George Arnett 

Private households could settle world’s sovereign debt three times over

Net financial assets exceed €100tn for first time and remain concentrated in world’s richest regions
  
  

China holds a higher share of personal assets than its neighbour Japan.
China holds a higher share of personal assets than its neighbour Japan. Photograph: Eugene Hoshiko/AP

The financial assets of private households have reached a record €135.7tn (£100.3tn), enough to settle the planet’s sovereign debt and still have two-thirds of the total left over, according to Allianz’s Global wealth report for 2015.

Debts owed by private households increased by 4.3% on 2013 to total €35.2tn last year, which means that net financial assets (gross assets minus debt) have topped €100tn for the first time.

Gross financial assets are the combined total of bank deposits, securities, insurance and pension funds. For the first time since the financial crisis, western Europe posted a higher increase in financial assets than North America, with growth rates of 6.7% and 4.8% respectively. This is due to a considerable increase in insurance and pension assets in a number of European countries.

Despite this, western Europe still holds only about half the amount of financial assets it did in the pre-crisis years.

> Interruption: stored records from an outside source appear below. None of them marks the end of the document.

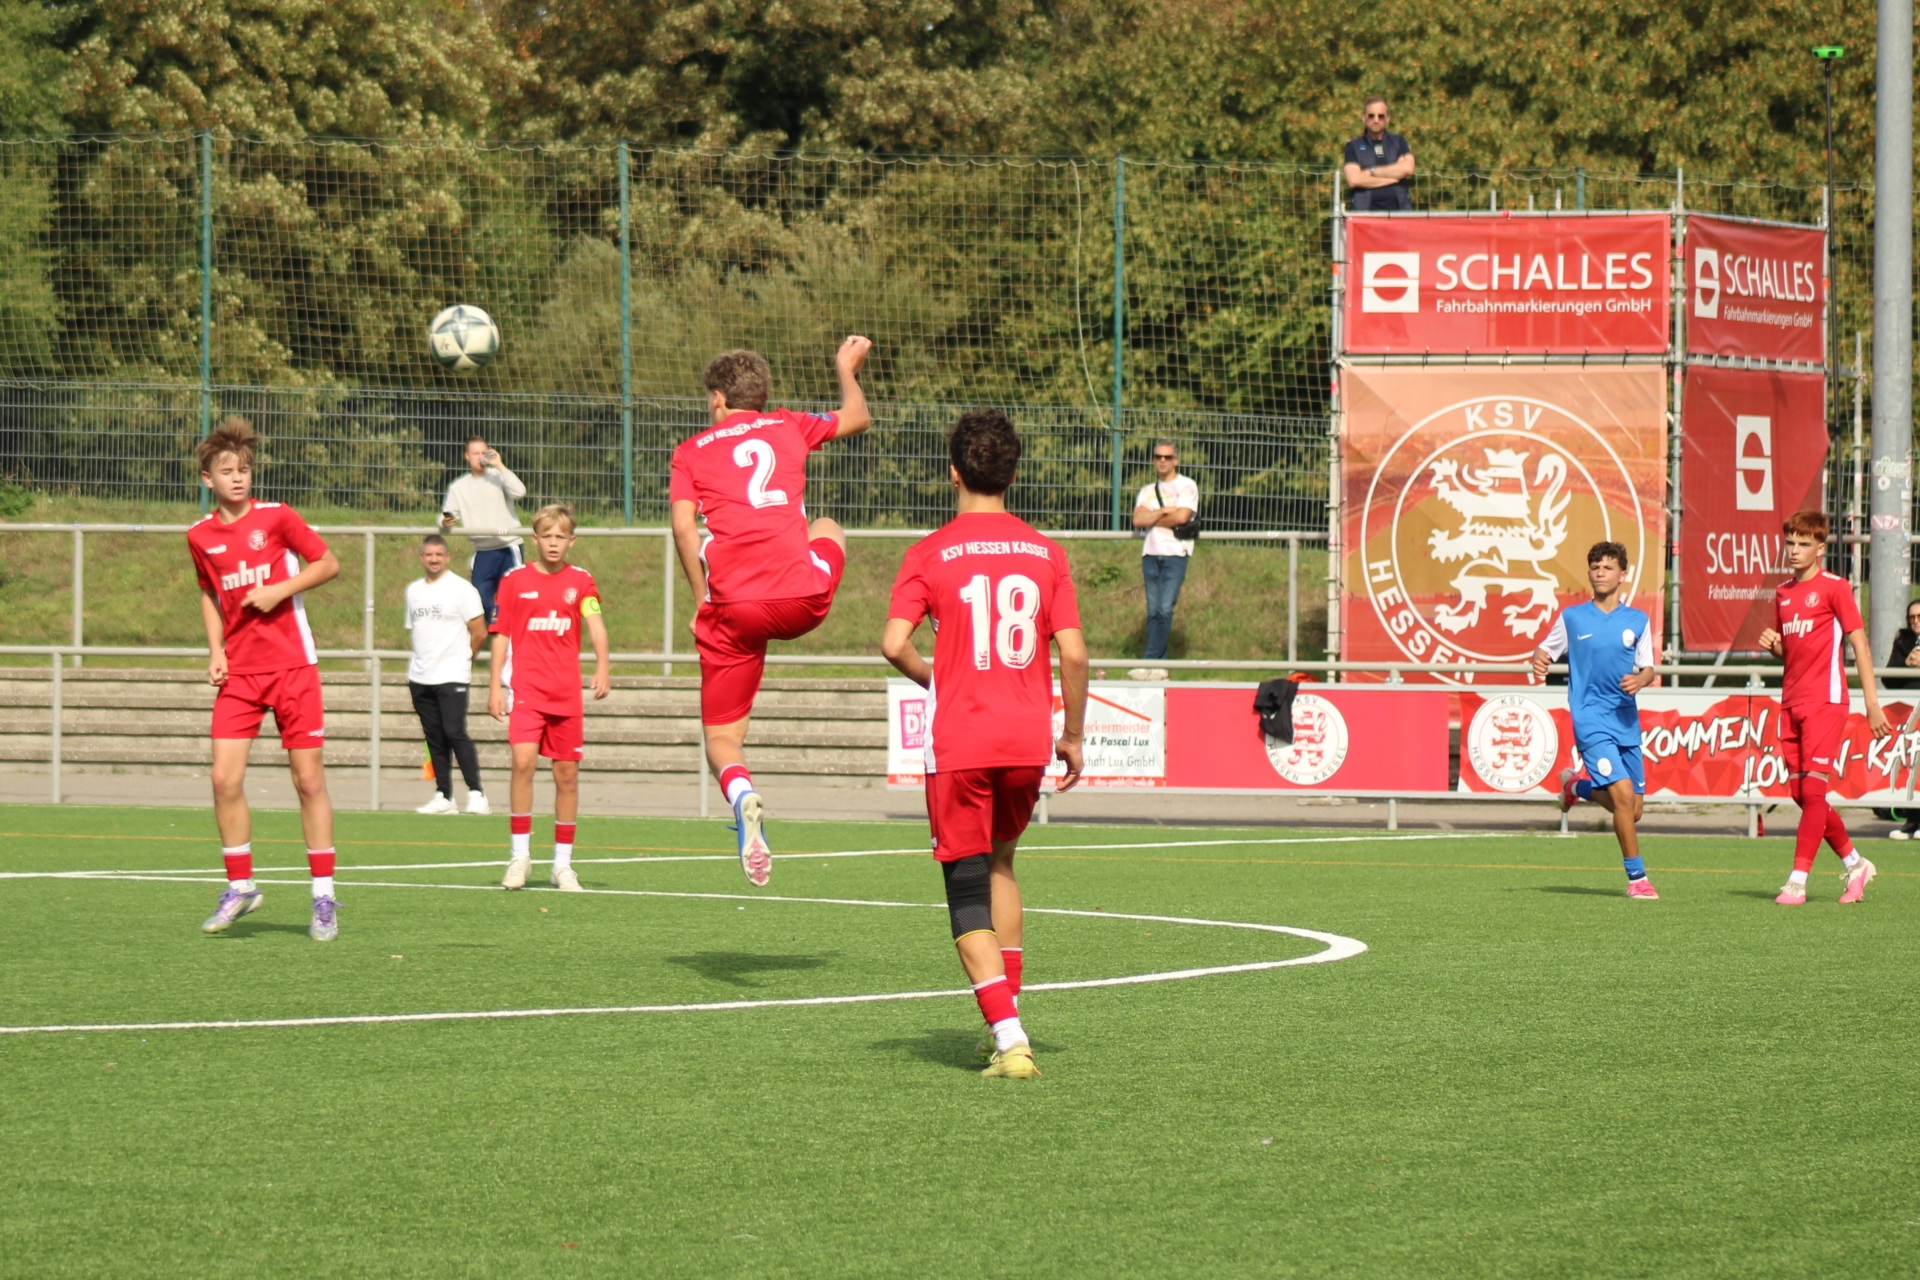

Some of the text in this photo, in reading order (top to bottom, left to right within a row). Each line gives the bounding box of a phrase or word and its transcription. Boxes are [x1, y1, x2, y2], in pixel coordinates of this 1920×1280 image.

[1435, 252, 1653, 291] SCHALLES
[1724, 253, 1815, 303] SCHALLES
[1436, 298, 1652, 316] Fahrbahnmarkierungen GmbH
[1724, 305, 1813, 329] Fahrbahnmarkierungen GmbH
[1464, 402, 1543, 432] KSV
[696, 433, 715, 448] KSV
[715, 423, 751, 439] HESSEN
[733, 438, 788, 509] 2
[941, 541, 1051, 562] KSV HESSEN KASSEL
[1706, 532, 1795, 575] SCHALL
[221, 560, 271, 591] mhp
[412, 607, 431, 618] KSV
[528, 610, 572, 637] mhp
[960, 574, 1040, 670] 18
[1369, 559, 1476, 684] HESSEN
[1782, 612, 1814, 638] mhp
[904, 702, 924, 715] WIR
[1296, 695, 1318, 705] KSV
[1501, 696, 1524, 706] KSV
[1101, 736, 1132, 747] Pascal
[1134, 737, 1150, 747] Lux
[1109, 756, 1124, 768] Lux
[1127, 755, 1155, 768] GmbH
[1268, 743, 1347, 782] HESSEN KASSEL
[1472, 746, 1554, 787] HESSEN KASSEL
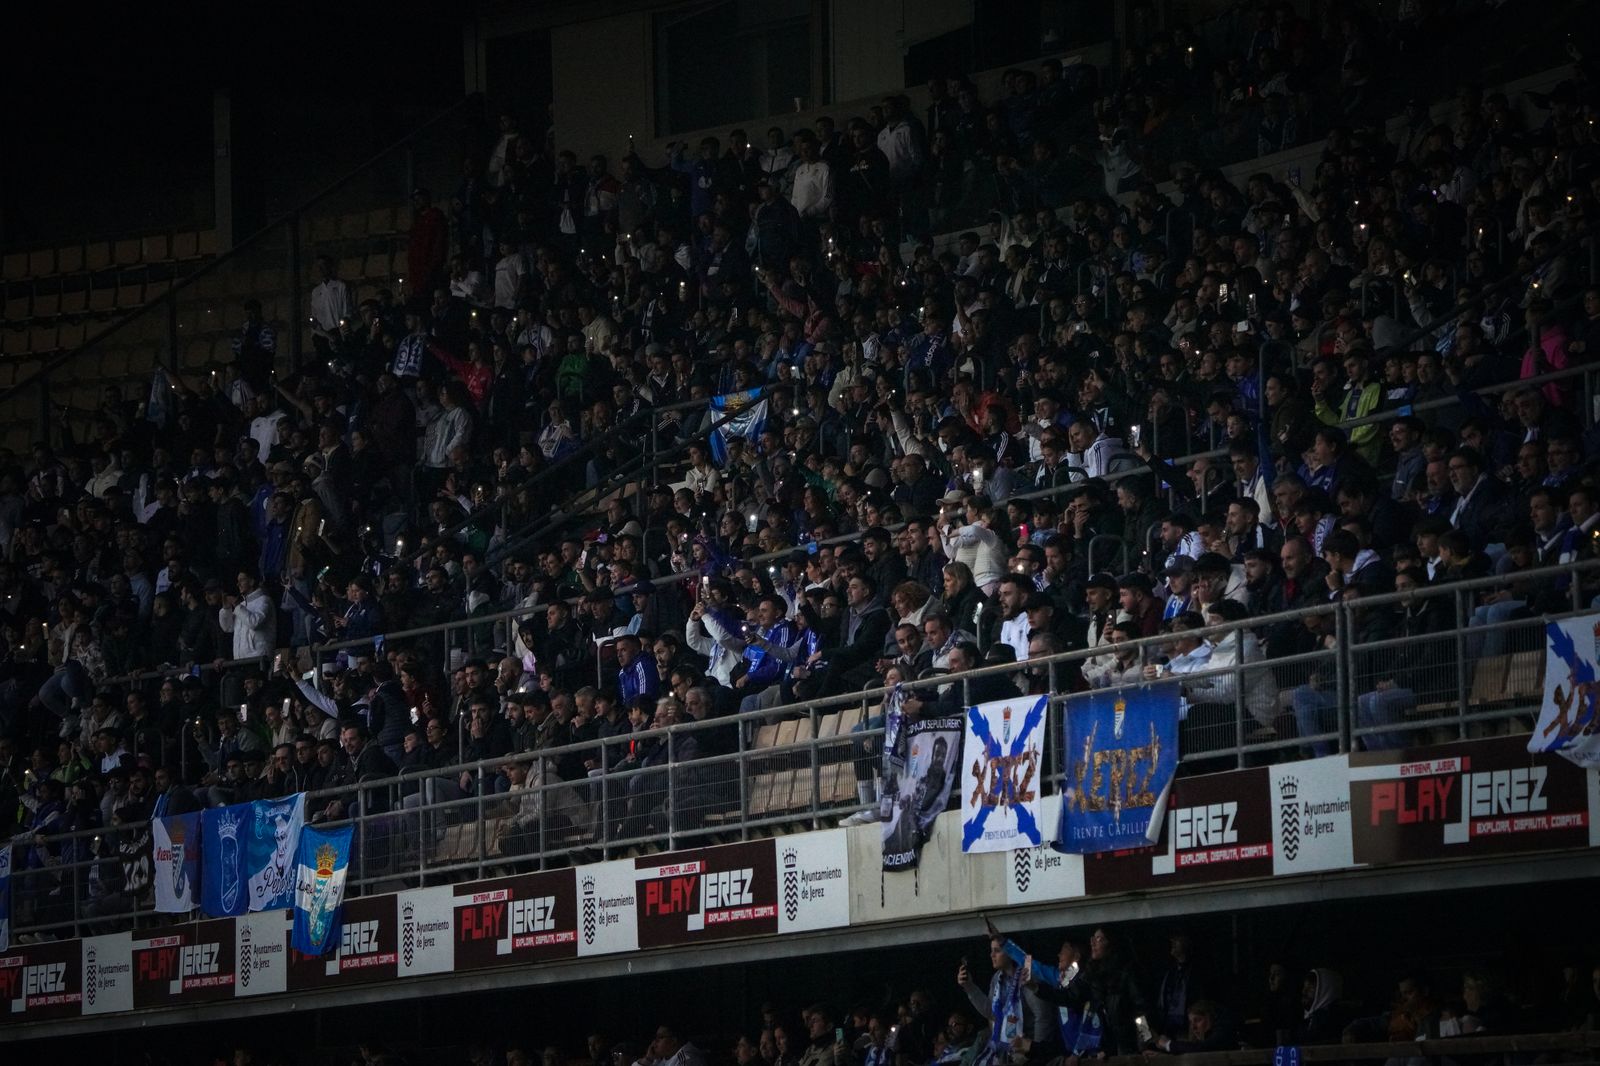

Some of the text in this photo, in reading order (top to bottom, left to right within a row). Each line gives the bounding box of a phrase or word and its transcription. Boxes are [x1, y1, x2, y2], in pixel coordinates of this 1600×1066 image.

Conversely, most other developed regions have surpassed the totals they were recording before 2008, which the Allianz report says shows to an extent the lingering effect of the euro crisis on savings.

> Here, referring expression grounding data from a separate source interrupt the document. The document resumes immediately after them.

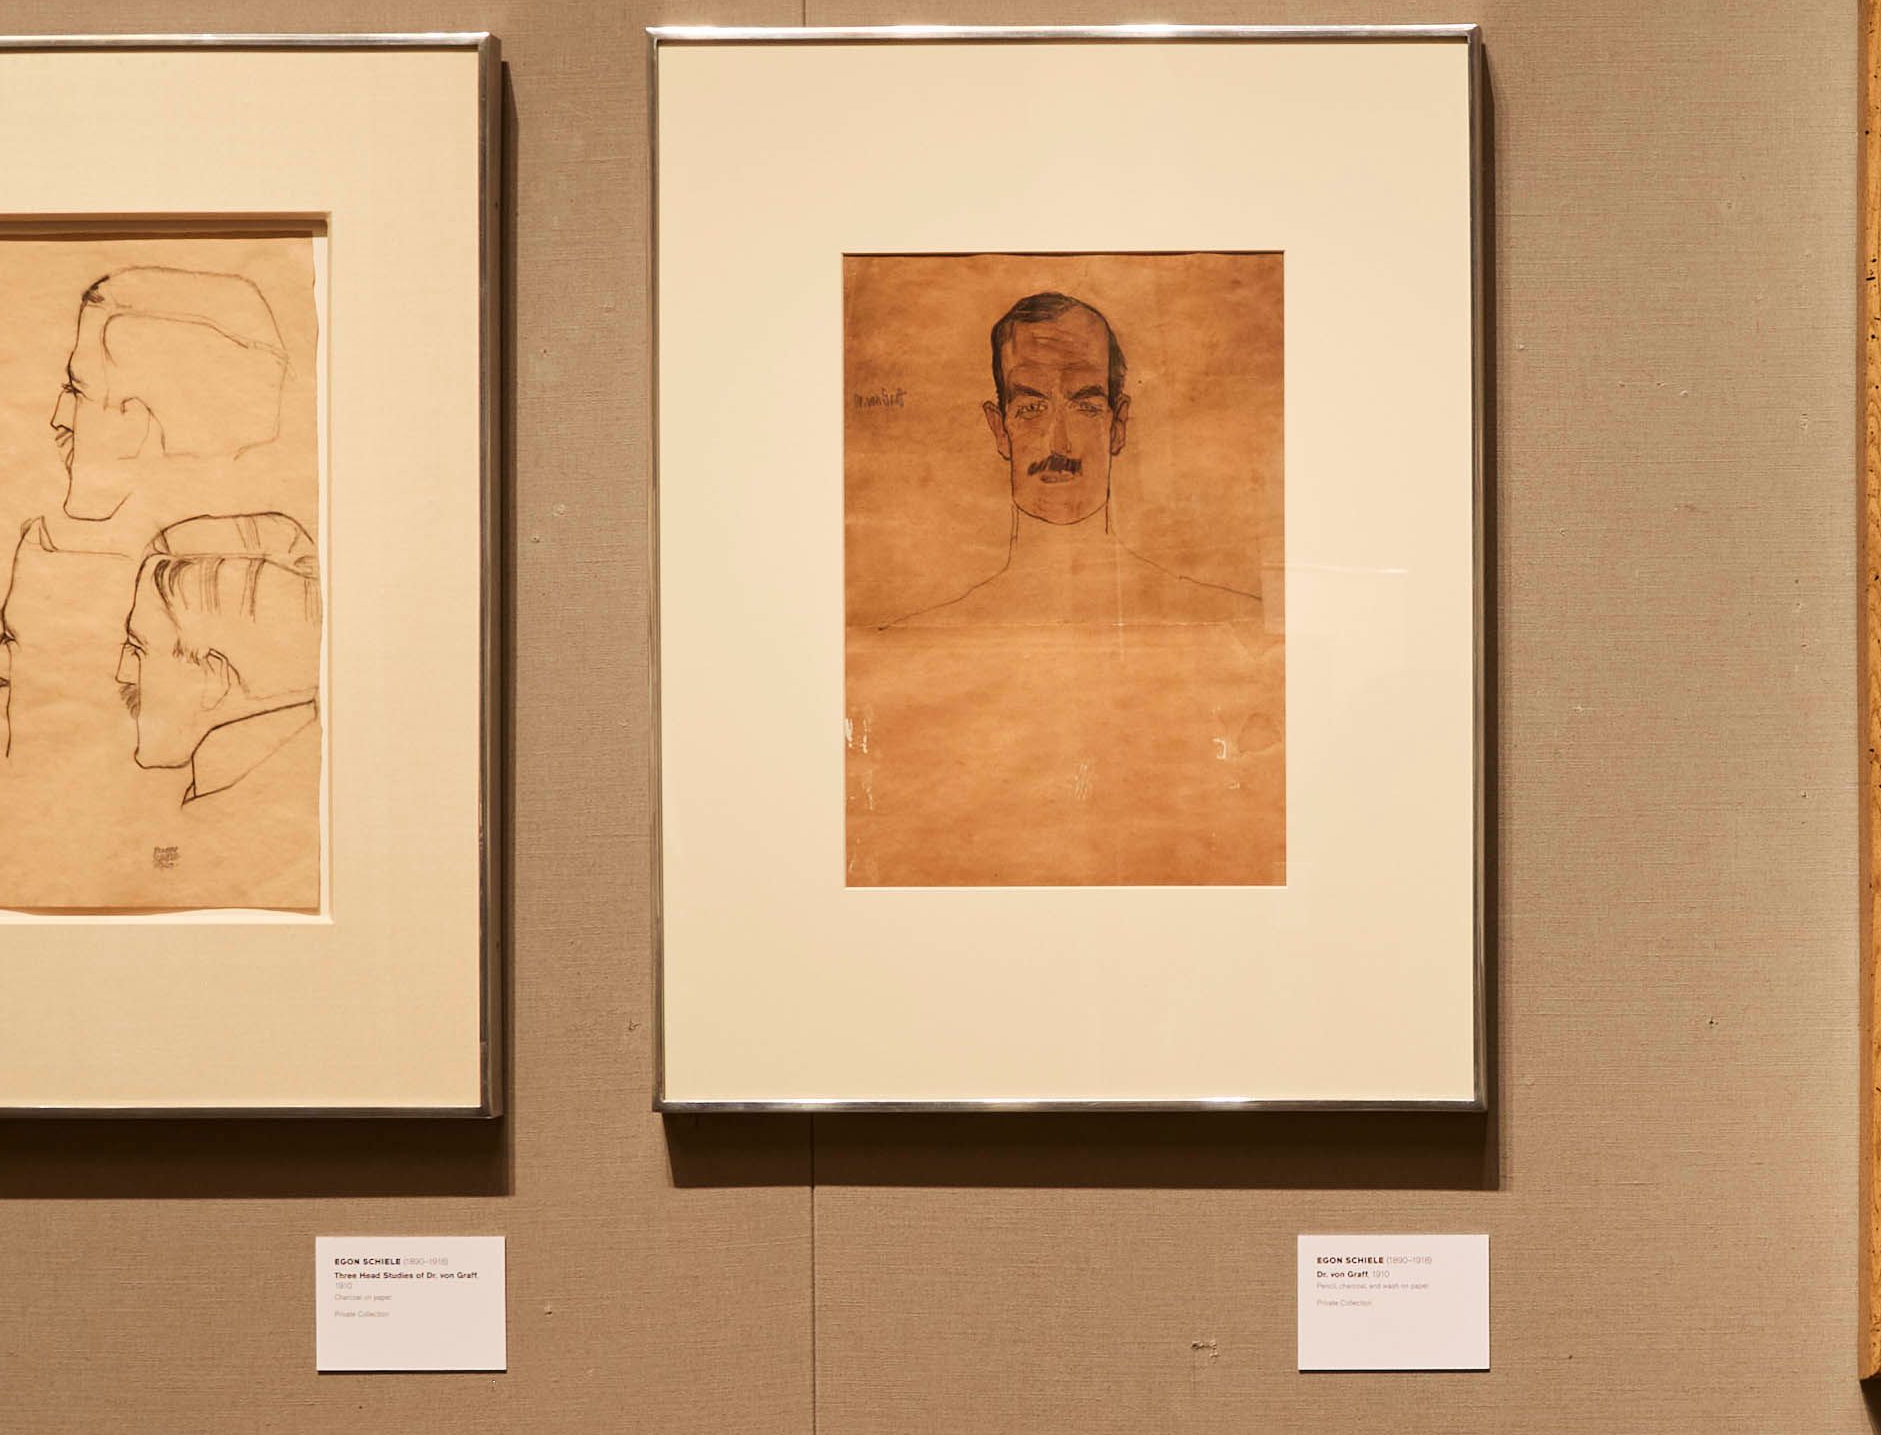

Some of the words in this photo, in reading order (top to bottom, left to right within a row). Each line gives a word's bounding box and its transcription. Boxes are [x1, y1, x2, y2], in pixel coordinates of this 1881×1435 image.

[334, 1258, 361, 1266] EGON
[363, 1258, 401, 1266] SCHIELE
[334, 1272, 357, 1280] Three
[359, 1272, 381, 1280] Head
[383, 1272, 414, 1280] Studies
[416, 1272, 424, 1280] of
[426, 1272, 439, 1280] Dr.

The gross financial assets of private households increased by 7.1% on 2013, the third consecutive year that growth has exceeded 7%. If you exclude Japan from the Asian data, the region recorded the fastest-growing financial assets in the world in 2014, with an increase of 16.6% compared with the previous year.

Growth was particularly strong in China, which accounts for nearly 11% of the world’s financial assets, overtaking Japan’s share (8.9%) for the first time. However, the increase in financial assets was more subdued in other developing regions – Latin America and eastern Europe posted growth rates of under 8%.

Financial assets remain largely concentrated in the world’s richest regions despite the increasing share taken up by developing countries in recent years.

North America still holds 45% of the world’s financial assets despite being home to only 5% of the world’s population. While western Europe, which is home to 5.8%, retains 24.4% of its globe’s financial assets.

How much is held by each country?

Switzerland remains the country with the highest net financial assets per capita. In 2014, every Swiss resident had an average of €157,446 in financial assets.

sovereign debt

The US came in second place with €138,714 per capita, while the UK has leapfrogged seven major economies since last year’s rankings (Belgium, the Netherlands, Japan, Sweden, Taiwan, Canada and Singapore) to take third place with €86,223 per capita.

Kazakhstan has the lowest financial assets per person in the world, among those analysed, with just €406 for every person resident in the central Asian country – just 0.26% of the Swiss total.

Are financial assets held equally?

What Allianz terms the world’s wealth lower class makes up 71% (3.5 billion) of the planet’s population but holds less than 5% of net financial assets. While 80% of the world’s net assets are held by the upper wealth class, which makes up less than 10% (420 million) of the population.

The remaining 17% share of financial assets is taken up by the burgeoning global middle class, which has increased its share by 10% since 2000.

Last year, the number that fell into the middle wealth class surpassed 1 billion for the first time. Since 2000, 600 million people who were previously in the low wealth bracket have moved into the middle wealth bracket.

Most of this growth has come from Asia. The middle class in this region contains 855 million people, nearly 10 times more than at the start of the millennium. Asians make up two-thirds of the wealth middle class, with 85% of them from China.

The categories used by Allianz are defined by taking the average global net financial per capita assets (€20,360), the middle bracket comprises individuals whose assets fall between 30% and 180% of the global average. Those below 30% are in the lower wealth class, and those above 180% in the upper class.